The bad news? A KRACK attack has the potential to be devastating for the victim.

A succeful KRACK attack will steal credit card numbers, passwords, chat messages, emails, photos and more. This leaves you vulnerable to monetary loss and identity theft. Some network configurations will even allow hackers to inject malware, ransomware, and spyware into websites you’re visiting and, by extension, your computer.

Can KRACK Be Fixed?

Yes, hardware manufacturers and software developers can patch and fix devices that are vulnerable to KRACK attacks. Microsoft and Apple were particularly quick off the mark — the Silicon Valley giants released beta patches on the same day the flaw was publicly announced. Google has said an Android patch will be forthcoming in the next few weeks.

However, these days we connect a lot more to our Wi-Fi than just laptops and phones. Sure, they might be the primary attack vectors, but you need to update everything from your router to your smart fridge. That takes a lot of time, and many of the companies behind the devices won’t be as responsive as Microsoft and Apple.

Your router is arguably the most critical device to update. If you’ve got an ISP-issued model, you need to start pestering the company for a patch as soon as possible.

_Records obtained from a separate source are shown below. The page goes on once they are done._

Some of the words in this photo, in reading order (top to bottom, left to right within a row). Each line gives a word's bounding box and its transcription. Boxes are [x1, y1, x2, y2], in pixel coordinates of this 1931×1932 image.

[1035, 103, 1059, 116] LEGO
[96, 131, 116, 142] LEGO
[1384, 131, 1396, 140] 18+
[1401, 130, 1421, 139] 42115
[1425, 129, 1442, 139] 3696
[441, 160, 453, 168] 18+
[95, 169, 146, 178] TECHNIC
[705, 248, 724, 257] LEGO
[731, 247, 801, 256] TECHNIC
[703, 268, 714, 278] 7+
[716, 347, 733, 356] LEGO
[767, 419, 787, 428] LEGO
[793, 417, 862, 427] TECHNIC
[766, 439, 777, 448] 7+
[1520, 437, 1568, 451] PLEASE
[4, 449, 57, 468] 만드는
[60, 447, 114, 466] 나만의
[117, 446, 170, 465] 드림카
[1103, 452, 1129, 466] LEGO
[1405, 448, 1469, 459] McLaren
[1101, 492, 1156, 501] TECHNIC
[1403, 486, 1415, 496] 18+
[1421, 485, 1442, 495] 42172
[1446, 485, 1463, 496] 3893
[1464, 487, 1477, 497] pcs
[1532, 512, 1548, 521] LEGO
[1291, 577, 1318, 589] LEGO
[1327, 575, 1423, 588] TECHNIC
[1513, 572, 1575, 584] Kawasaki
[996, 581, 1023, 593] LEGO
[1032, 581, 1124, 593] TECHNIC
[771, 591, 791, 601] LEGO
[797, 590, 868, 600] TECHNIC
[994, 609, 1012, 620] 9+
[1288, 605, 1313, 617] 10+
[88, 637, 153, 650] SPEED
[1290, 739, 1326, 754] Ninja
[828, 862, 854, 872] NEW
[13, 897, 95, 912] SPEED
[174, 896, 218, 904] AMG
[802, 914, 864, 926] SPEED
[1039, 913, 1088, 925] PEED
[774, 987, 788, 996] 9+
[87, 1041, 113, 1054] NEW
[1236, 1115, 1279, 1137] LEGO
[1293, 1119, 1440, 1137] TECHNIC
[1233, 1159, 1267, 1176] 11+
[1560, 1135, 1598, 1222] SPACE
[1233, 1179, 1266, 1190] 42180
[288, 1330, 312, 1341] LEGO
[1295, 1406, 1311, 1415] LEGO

For more information about whether your device already has a fix, check this list.

Short-Term Solutions

It seems like we might be waiting for a long time before we can definitively claim all our devices are secure. Here are some steps you can take in the meantime:

  • Use Ethernet: Remember, KRACK doesn’t affect the web at large, it just targets Wi-Fi connections. If you have the option to connect to a network using an ethernet cable, your device will be safe.
  • Use cellular data on your phone: Similarly, when on mobile, just use your data plan rather than connecting to public Wi-Fi.
  • Tether your phone: If you’re in public, it might be safe to use your phone’s tethering optionrather than connect your laptop to a Wi-Fi network.
  • Disable vulnerable Internet of Things (IoT) devices: Sure, you might not worry about a hacker getting access to your fridge’s data, but your smart security system is another story. Temporarily disable any highly sensitive IoT devices until a patch is available.
  • Use a VPN: A VPN encrypts all your traffic, so although a hacker deploying a KRACK attack will be able to see it, they won’t be able to decode it.
  • Are You Worried About KRACK Attacks?

    KRACK attacks are yet another reminder that we’re not as immune as we might like to think are.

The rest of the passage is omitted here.